# Instagram Famous



## fowldarr (Jan 20, 2020)

So, believe it or not (don't judge me, this is hard for me to admit), I have a lot of vegetarian friends.  While normally I don't care what people think, I decided it was time to start an Instagram feed that was specific to my BBQ, so that family and friends that followed me to see pictures of my dogs and kids and family adventures didn't have to put up with my glutenous, carnivorous, lifestyle.  Anyway, that got me thinking, does anybody else on here have a social media page specific to their BBQ/Smoking/whatever?

(Disclaimer:  I know that some of you don't have social media accounts, I know some of you don't care what vegetarians might think of you, etc. etc. etc., Just let us know where to follow you on social media if you want.

You can find me at @spaceman_bbq on instagram (it's the only one I bother with for this because it's easy to post pictures)


----------



## BandCollector (Jan 20, 2020)

Why would you need social media to follow anyone from this Forum.

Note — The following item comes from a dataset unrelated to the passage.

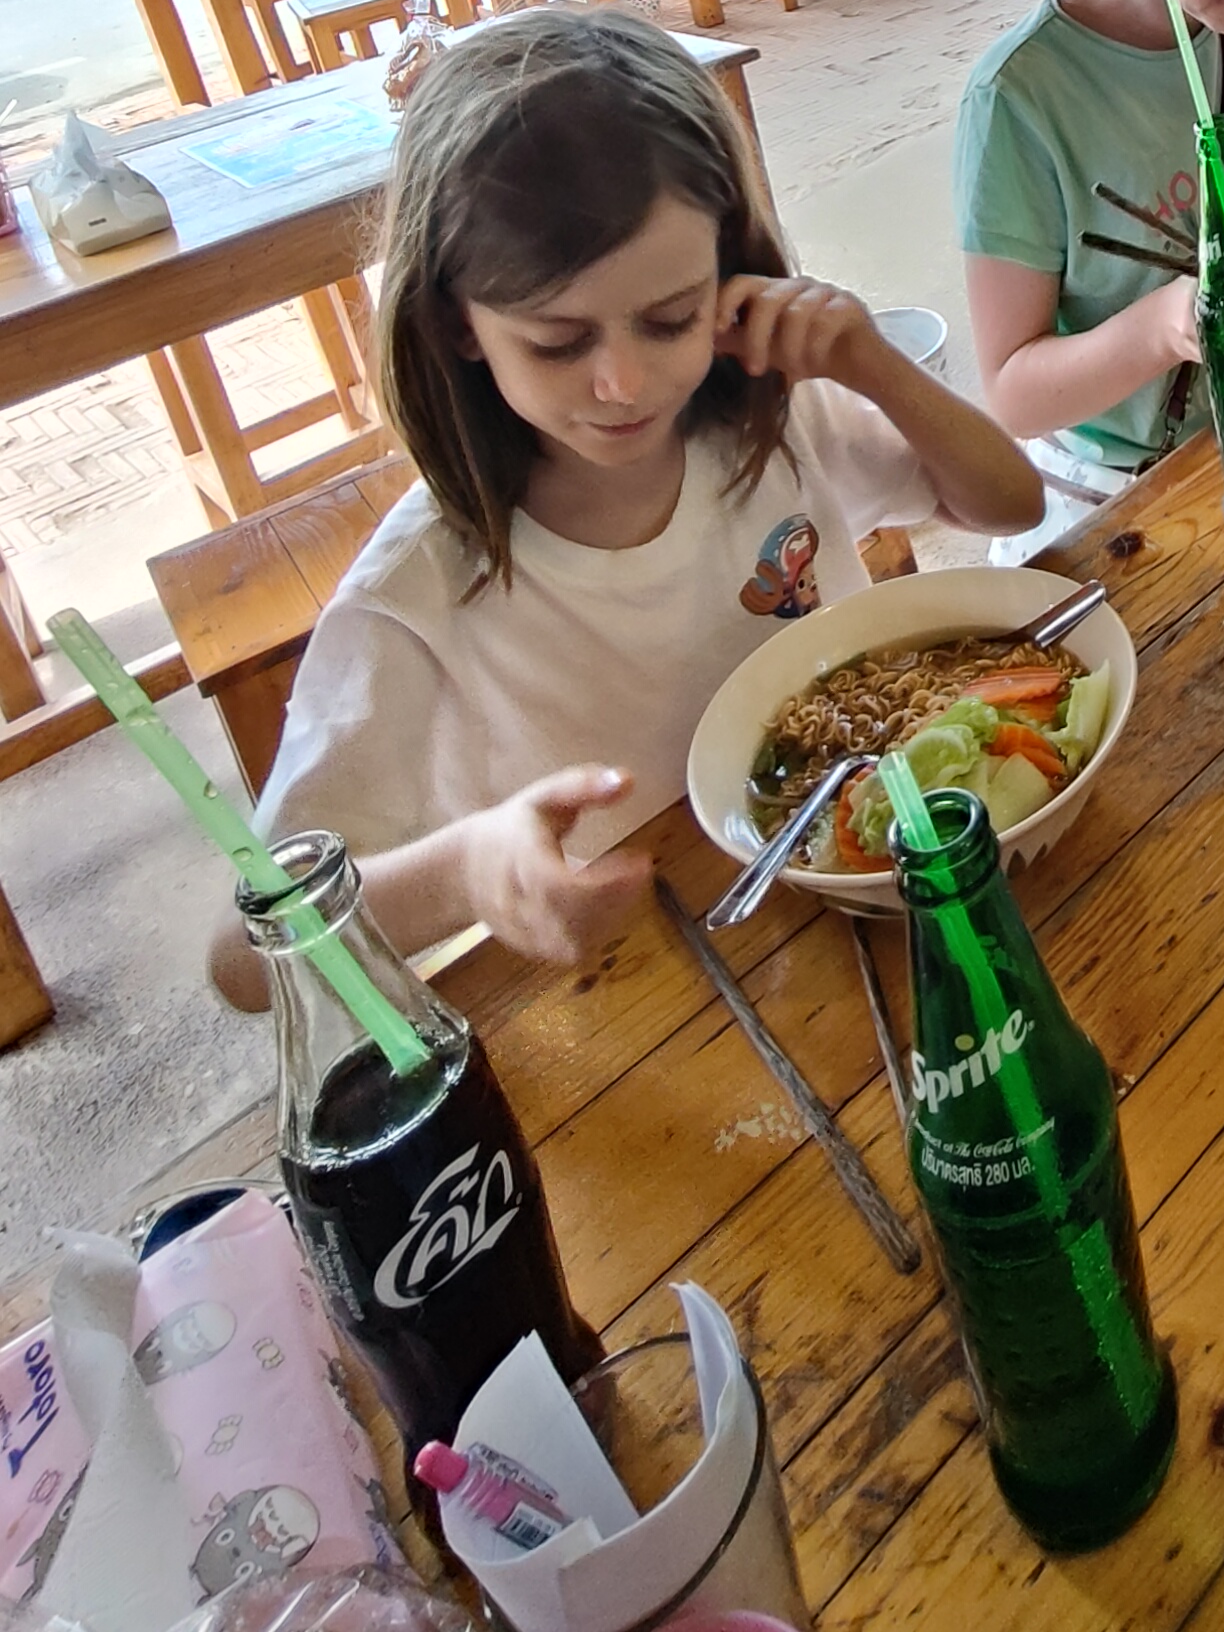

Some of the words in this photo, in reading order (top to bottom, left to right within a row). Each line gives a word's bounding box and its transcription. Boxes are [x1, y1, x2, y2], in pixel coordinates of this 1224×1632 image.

[911, 1009, 1027, 1113] Sprite
[985, 1161, 1010, 1186] 280
[1011, 1156, 1036, 1180] มล.

You can follow them already right here,

John


----------



## fowldarr (Jan 20, 2020)

BandCollector said:


> Why would you need social media to follow anyone from this Forum.
> 
> You can follow them already right here,
> 
> John



You don't.  Just another format that people like to use.  Figured I would ask.  Thanks for chiming in!


----------



## Winterrider (Jan 20, 2020)

This is my only social media    and all there will be. I'm old school !


----------



## fowldarr (Jan 20, 2020)

Winterrider said:


> This is my only social media    and all there will be. I'm old school !



There are several members that hold that opinion.  I don't blame them at all.


----------



## JC in GB (Jan 20, 2020)

I have a page on Facebook for my BBQ stuff.  Packers and Ribs BBQ......  Check it out if you like...

JC


----------



## HalfSmoked (Jan 20, 2020)

I too am old school and also an old man. I guess that might be why I'm old school.

Warren


----------



## HalfSmoked (Jan 20, 2020)

Winterrider Thanks for the like it is appreciated.

Warren


----------



## BandCollector (Jan 20, 2020)

Winterrider said:


> This is my only social media    and all there will be. I'm old school !



I'm with you 

 Winterrider
 . . . I think I lasted about 10 minutes on Facebook.

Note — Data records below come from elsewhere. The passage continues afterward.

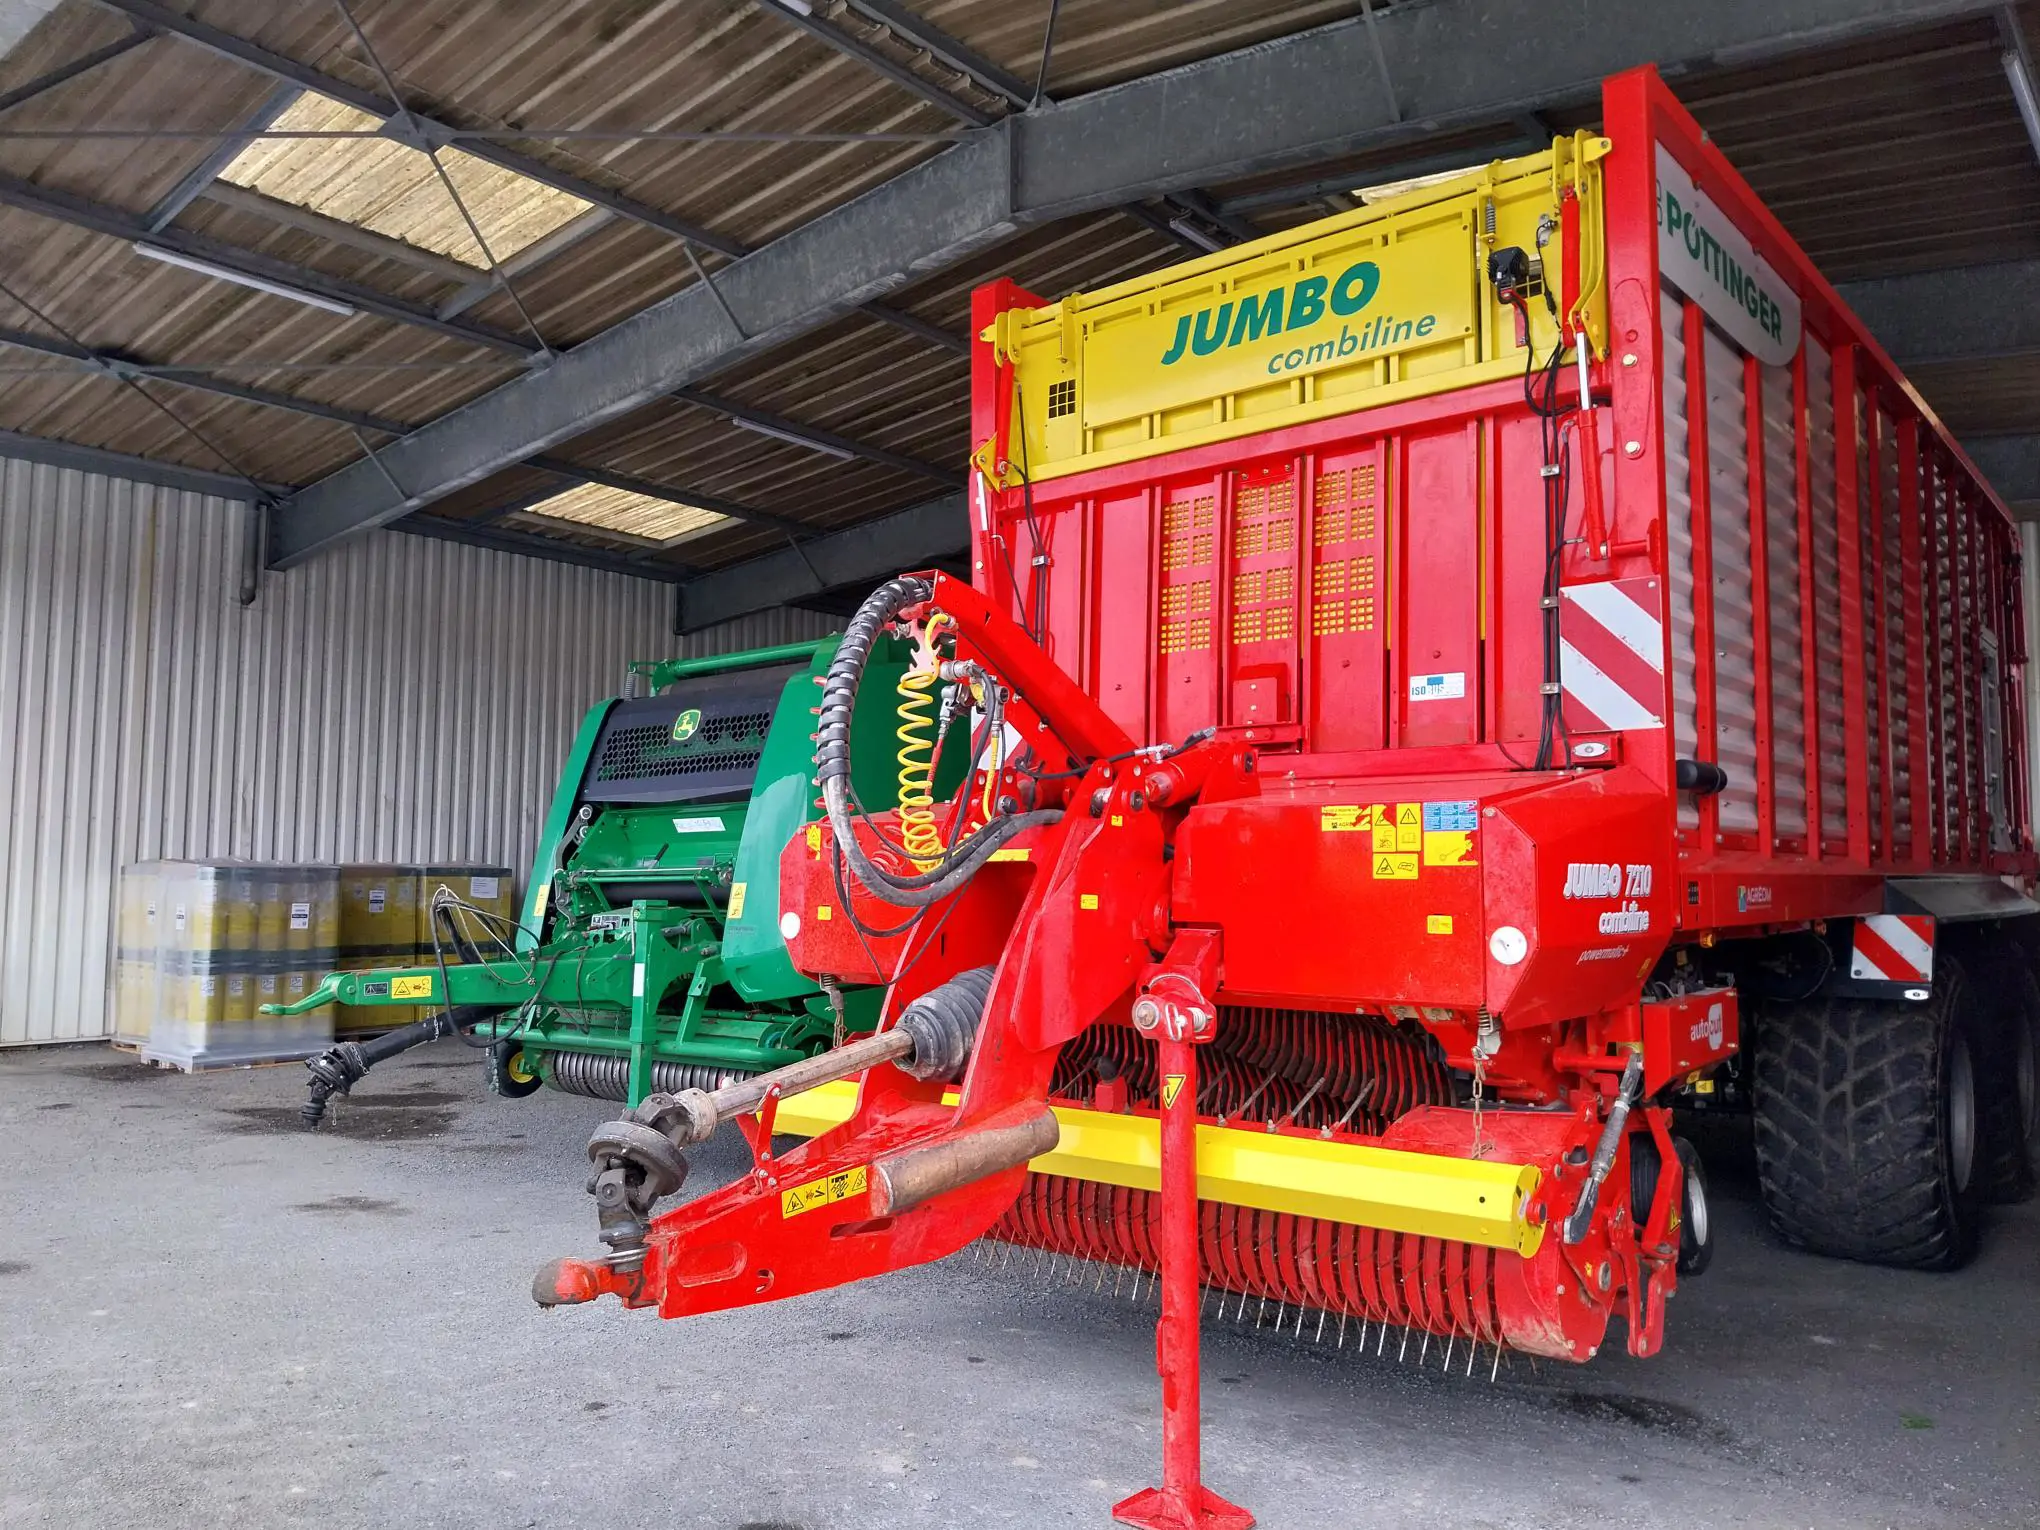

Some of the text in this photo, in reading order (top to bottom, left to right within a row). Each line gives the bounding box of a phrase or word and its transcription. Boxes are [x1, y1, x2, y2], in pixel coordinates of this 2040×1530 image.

[1161, 261, 1380, 366] JUMBO
[1267, 314, 1436, 375] combiline
[1563, 863, 1622, 899] JUMBO
[1624, 864, 1652, 898] 7210
[1599, 900, 1650, 935] combiline

Just got the impression that it had far too many people who required and demanded attention!

Not my cup of tea,

John


----------



## HalfSmoked (Jan 20, 2020)

My understanding of Facebook is that it took the place of Peyton Place. Just my $.02
Have never been on it and no intentions of doing so.

Warren


----------



## BandCollector (Jan 20, 2020)

HalfSmoked said:


> My understanding of Facebook is that it took the place of Peyton Place. Just my $.02
> Have never been on it and no intentions of doing so.
> 
> Warren



Believe me. . .You're not missing much!

John


----------



## HalfSmoked (Jan 20, 2020)

Thanks for the like BandCollector it is appreciated.

Warren


----------



## fowldarr (Jan 20, 2020)

JC in GB said:


> I have a page on Facebook for my BBQ stuff.  Packers and Ribs BBQ......  Check it out if you like...
> 
> JC


I'll check it out.  Thanks for sharing.


----------



## fowldarr (Jan 20, 2020)

HalfSmoked said:


> I too am old school and also an old man. I guess that might be why I'm old school.
> 
> Warren





BandCollector said:


> I'm with you
> 
> Winterrider
> . . . I think I lasted about 10 minutes on Facebook.
> ...





HalfSmoked said:


> My understanding of Facebook is that it took the place of Peyton Place. Just my $.02
> Have never been on it and no intentions of doing so.
> 
> Warren




Social Media definitely has its pitfalls.  I don't begrudge anybody choosing not to participate.  Just figured I'd start a thread for those that do so they can easily connect.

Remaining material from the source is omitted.